300A @ 450 daily, 504 was 99% stable. Cooler days/AC on helped 😂 558* in winter with PC case sitting next to sliding glass door.. Enough stability for benchmarks but that's about it, if that. *swear this was 576 but math doesn't add up after downloading Abit mobo manual.
Back in 1998 I was pricing up a Pentium II 450 machine, and the local computer shop said to me "I don't want to sell you that". He recommended a 300A at the much cheaper price and promised I could run it at 450. Used that PC for years, and it was absolutely rock solid, and yes I played Unreal Tournament on it too!
Wow! Nice to have someone recommending something reasonable to you despite the fact that their commission would have probably been higher selling a PII 450!

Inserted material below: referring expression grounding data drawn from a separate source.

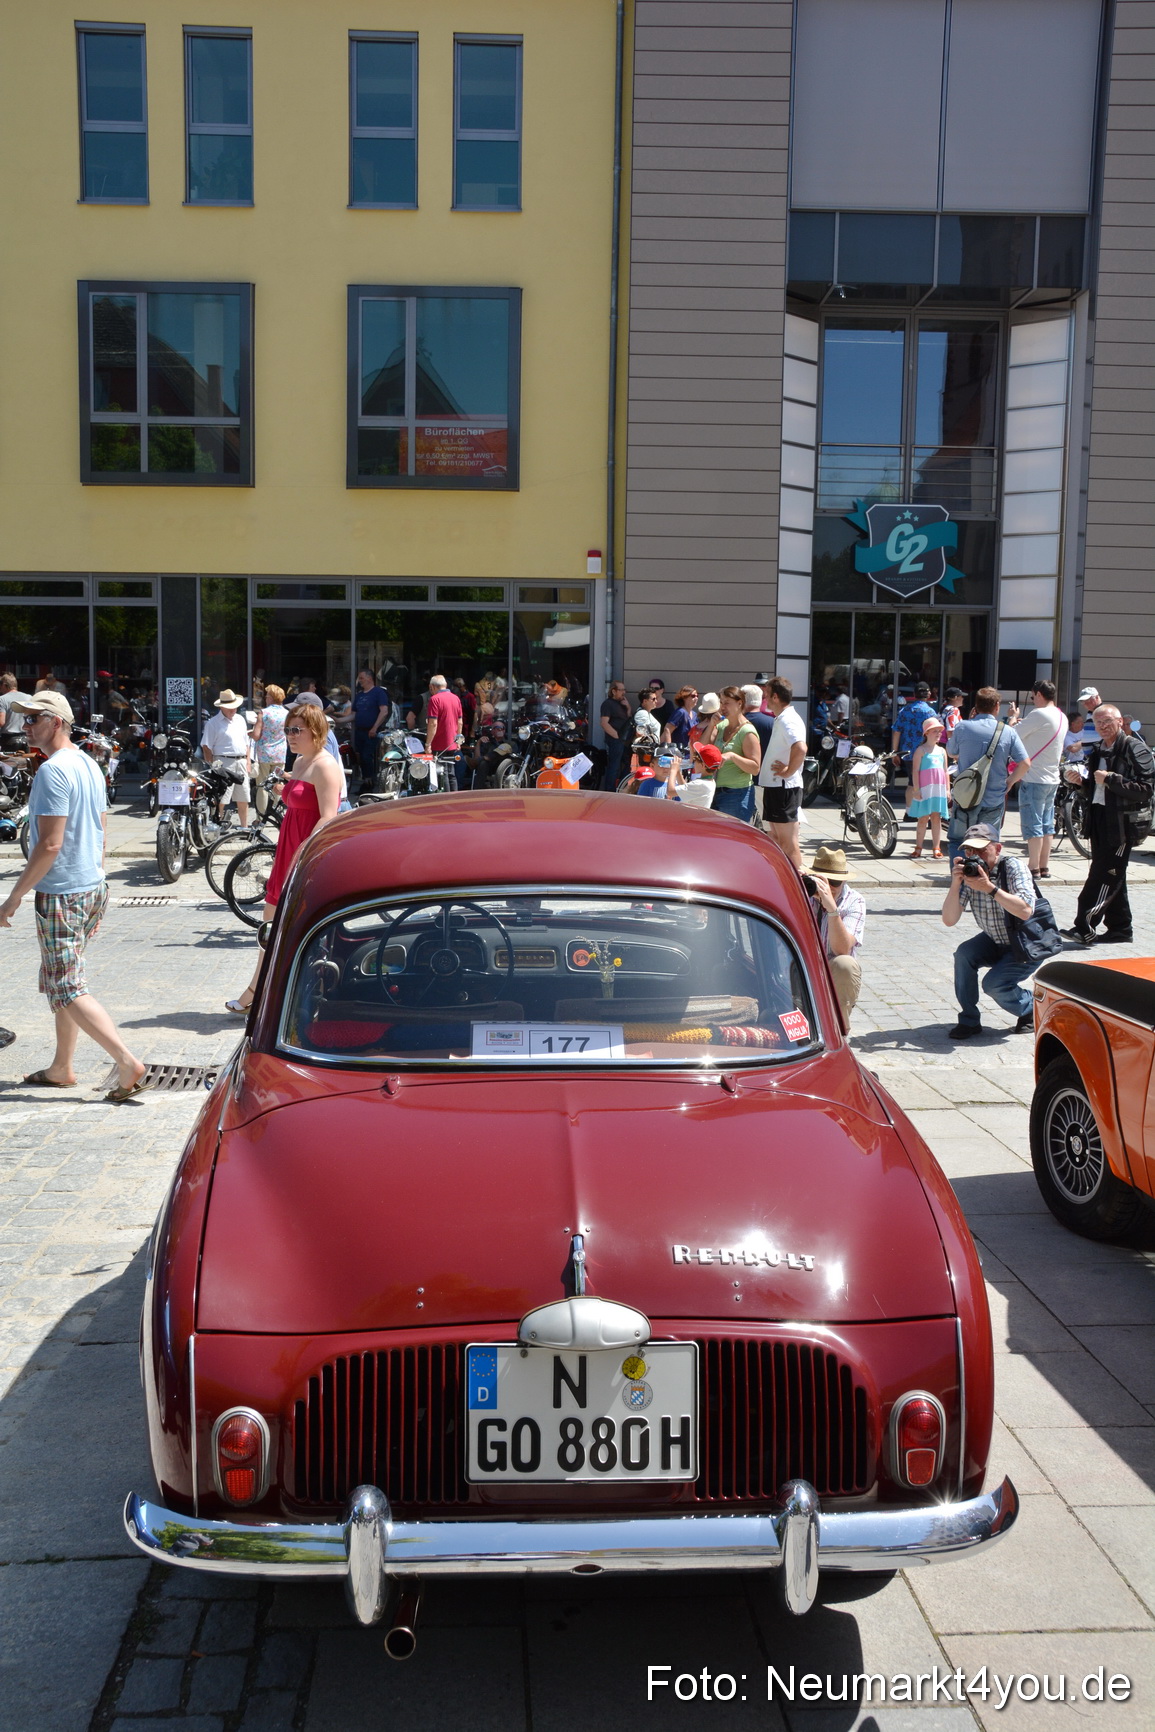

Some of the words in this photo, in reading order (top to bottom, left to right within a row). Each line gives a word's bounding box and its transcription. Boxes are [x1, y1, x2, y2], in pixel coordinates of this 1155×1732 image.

[424, 427, 485, 436] Büroflächen
[886, 523, 928, 574] G2
[783, 1014, 801, 1026] 1000
[542, 1036, 590, 1053] 177
[553, 1355, 587, 1409] N
[477, 1386, 489, 1402] D
[477, 1417, 541, 1473] GO

Awesome CPU! Back then we read about the CeleronA capabilities in a PC mag and my brother bought one. It worked and we couldn't believe getting P2 performance for a bargain. Great times! Btw. UT99 was my absolute favourite shooter, soooo much fun!
I worked in a PC shop when these were new. The owner liked a game running in the window overnight as advertising. 4:55pm one day I didn't have a demo machine. I banged a CPU into a motherboard and started a game. The next morning I arrived and moved the mouse and the system bluescreened. Getting it on the bench, I realised I'd put a Celeron 300 in a board set to 4.5x 100MHz. Legendary CPU.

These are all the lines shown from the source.